Researchers from Spain's Andalusian Association for Research and Industrial Cooperation (AICIA) have explored the use of solar power to enhance energy efficiency in two microbreweries in Andalusia, Spain.
“Combining the facts that brewing is an energy-intensive process; that small industries consume more specific energy; and that smaller consumers pay higher prices for energy, it can be hypothesized that small breweries and microbreweries are promising candidates for cost-effective integration of solar energy,” they said.
The scientists developed a new methodology to estimate microbrewery energy consumption and assess the economic viability of integrating it with a PV system. Their approach incorporates on-site measurements, evaluation of small-scale heat and cold supply components, and simulation tools to calculate the levelized cost of heat and cold (LCOHC) and payback period.
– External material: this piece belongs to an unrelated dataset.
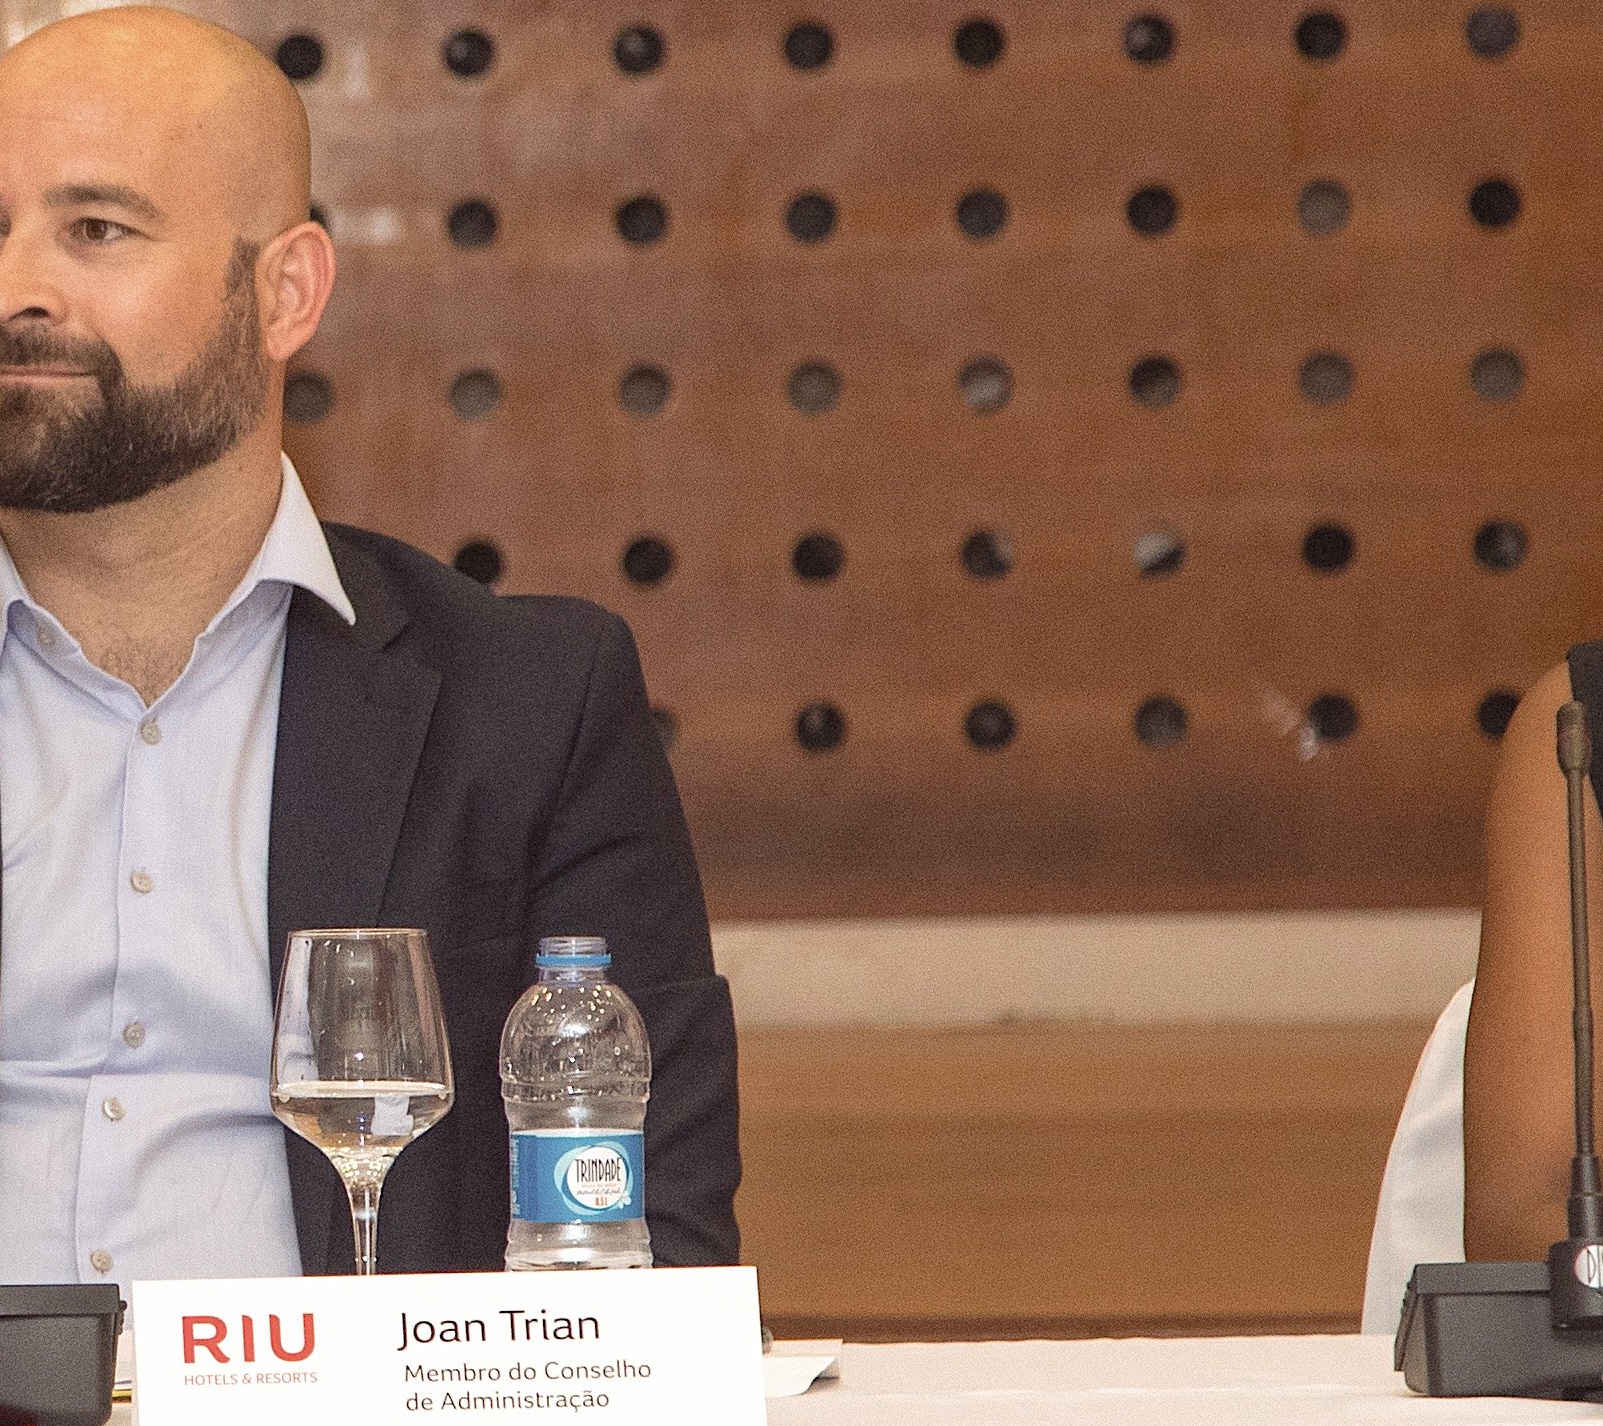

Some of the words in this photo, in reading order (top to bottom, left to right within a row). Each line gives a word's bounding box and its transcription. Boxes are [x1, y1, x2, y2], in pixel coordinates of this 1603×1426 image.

They analyzed a fully electric microbrewery equipped with a rooftop solar array across all 52 provinces of Spain. The study accounted for the thermal characteristics of the brewery's main building, heat in tanks and cold in fermenters, air conditioning and heat pumps, as well as PV generation.
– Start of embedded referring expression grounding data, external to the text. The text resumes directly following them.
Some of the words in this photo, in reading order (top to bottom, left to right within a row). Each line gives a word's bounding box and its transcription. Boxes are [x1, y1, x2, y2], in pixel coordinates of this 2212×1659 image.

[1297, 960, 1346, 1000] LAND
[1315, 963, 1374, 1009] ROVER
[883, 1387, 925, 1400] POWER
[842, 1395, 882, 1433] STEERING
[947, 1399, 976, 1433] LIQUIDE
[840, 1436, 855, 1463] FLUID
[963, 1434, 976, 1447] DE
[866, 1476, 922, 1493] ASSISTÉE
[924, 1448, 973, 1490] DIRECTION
To assess the PV installation's economic feasibility, the research group employed two parameters: the discounted payback period (DPP) and the levelized cost of energy (LCOE). The group noted that for small and medium-sized enterprises, certain business accounting terms like depreciation, residual value, and corporate tax rate can be disregarded as their financial management resembles that of residential users rather than large corporations.
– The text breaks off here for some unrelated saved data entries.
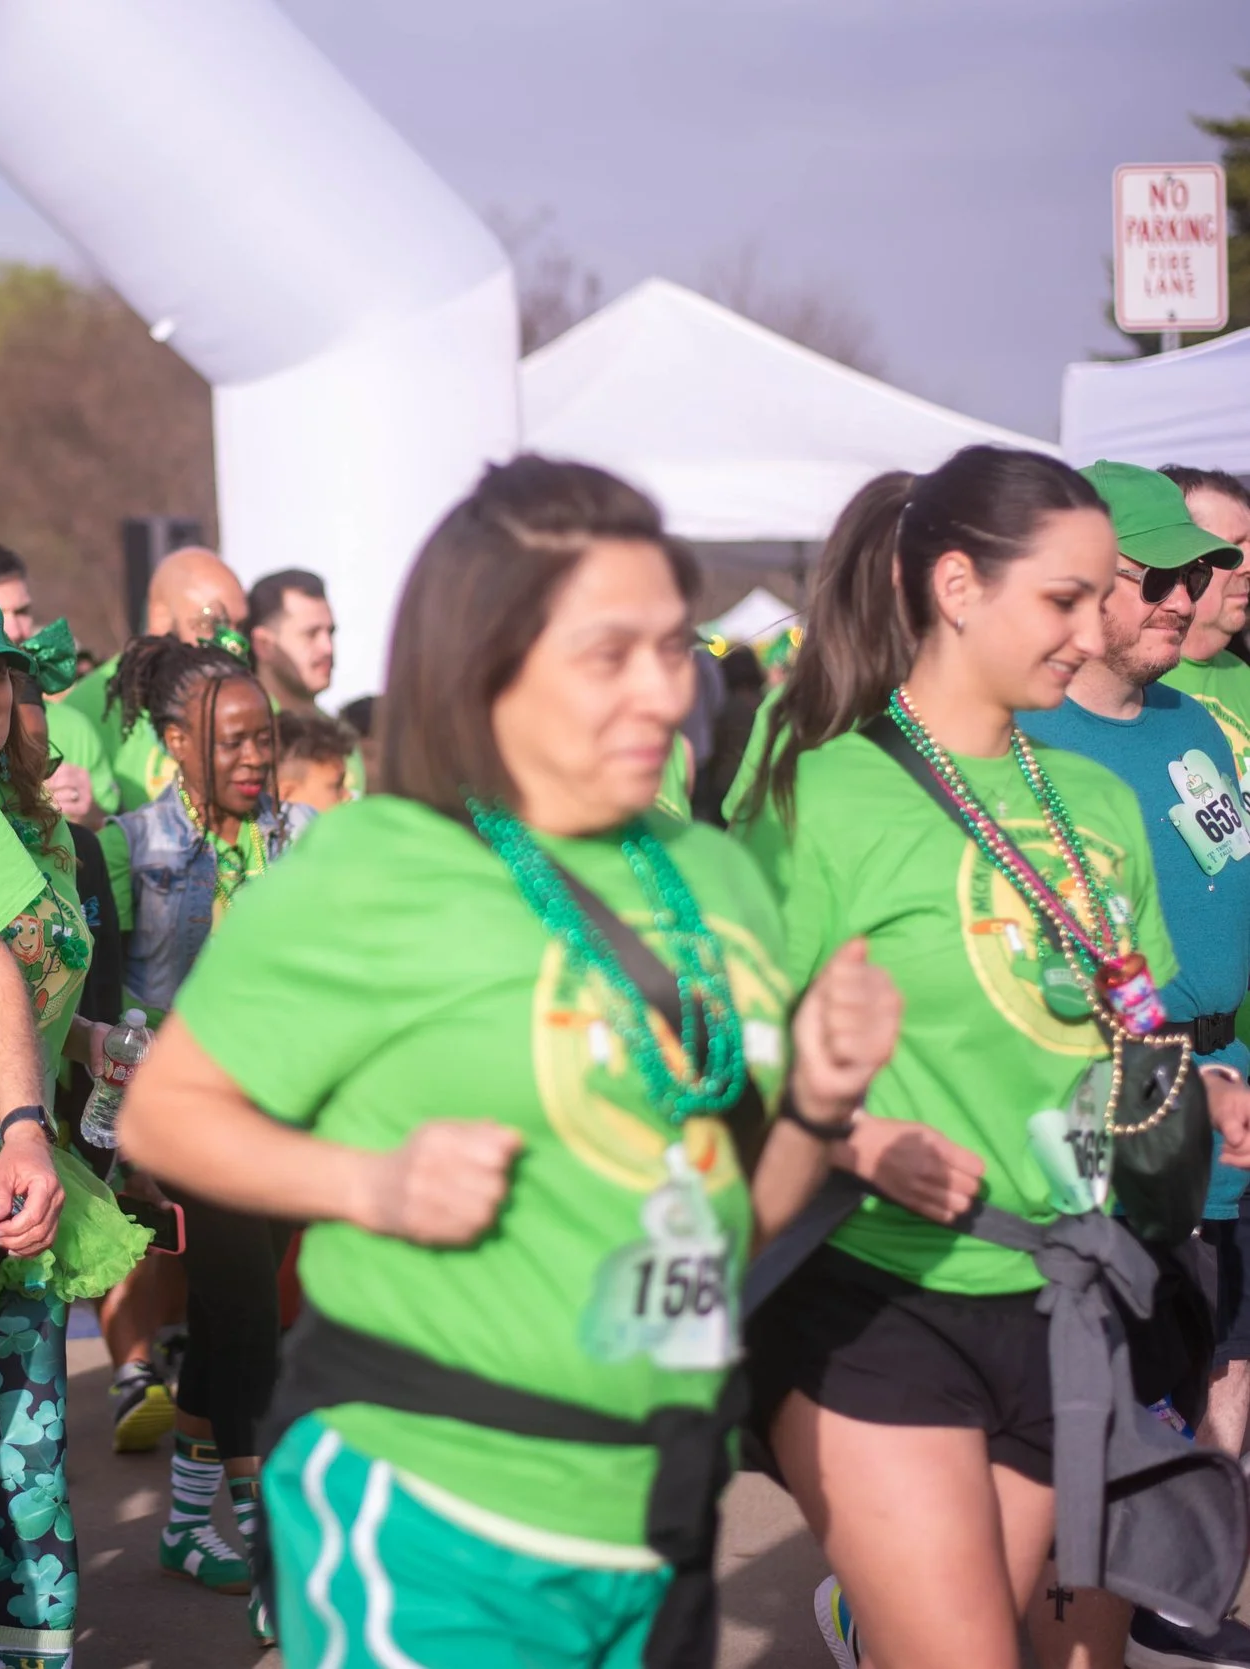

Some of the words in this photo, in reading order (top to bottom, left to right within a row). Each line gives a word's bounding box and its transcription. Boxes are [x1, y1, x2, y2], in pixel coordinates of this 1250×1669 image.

[1149, 179, 1189, 211] NO
[1126, 214, 1216, 246] PARKING
[1148, 252, 1191, 270] FIRE
[1144, 275, 1196, 297] LANE
[1195, 793, 1242, 843] 653
The analysis revealed that capex and electricity prices were the primary factors impacting the commercial viability of the solar power generator. The study assumed a maximum installed power of 20 kW with a ratio of 1/2 between the total PV area and total roof area.
“Electric storage has not been considered in the present study since the brewery requires to be connected to the main grid to ensure the electricity supply to the process, which compensates for the variability of the solar generation,” they explained, noting that they also assumed the PV system is operating under a net-billing scheme enabling the sale of excess power.
The techno-economic analysis showed that solar power could help reduce the LCOHC of a microbrewery in Spain by up to 29.7%, ranging from €0.285 ($0.31)/kWh to €0.332/kWh.
“The payback period might be suitable for companies’ investment horizon, ranging from 4.3 to 6.6 years,” the Spanish team said. “Extremely small PV system, of about 1 kWp, defines the shortest payback periods. Nevertheless, the improvement in the LCOHC is negligible in most cases, with reductions ranging between −0.8% and −3.21% compared to the corresponding reference LCOHC,” they stated.
They presented the new model in “Integration of solar energy in Small-scale Industries: Application to microbreweries,” which was recently published in Sustainable Energy Technologies and Assessments.